I think Investar & Ira summed up the purpose of that chart exactly. As for Fred93's comment about it being "misleading" or "highly skewed toward younger loans", I think that's a bit overstated. The chart purposefully only includes loans originated before Jan, 2007 to minimize this effect. So the denominator is in fact the same for the first 27 months (as you can see from the data below the chart).
The data may be somewhat inaccurate because not all the loans have completed yet (as I mention in the summary), but I'm pretty confident that the overall trend shouldn't deviate much from what you see in that chart. If Fred93 could explain to me his reasoning for thinking that the final results will be significantly different than what I currently show there, I would be interested to hear that.
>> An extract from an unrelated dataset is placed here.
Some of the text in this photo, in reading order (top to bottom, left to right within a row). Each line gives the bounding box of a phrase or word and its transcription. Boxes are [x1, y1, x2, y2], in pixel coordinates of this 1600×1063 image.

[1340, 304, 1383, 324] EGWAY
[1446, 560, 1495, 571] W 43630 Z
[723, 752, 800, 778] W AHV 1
The original purpose for that chart was to help with pricing risk in the secondary market (if one ever comes along). The idea being that you could use that chart as a guide to help you figure out how much risk has been "baked out" of a loan at a certain age. For example, a loan that has already made 12 on-time payments should be perceived as somewhat less risky than a brand new loan. Using my chart, you would be able to quantify that risk - after 12 on time payments, the default risk should have decreased by about 70%. If you used Fred93's charts, it would be around 65% instead after accounting for differences in methodology (My "Late" vs. Freds "1+ late", Fred's use of current loan status vs. my use of "first month late").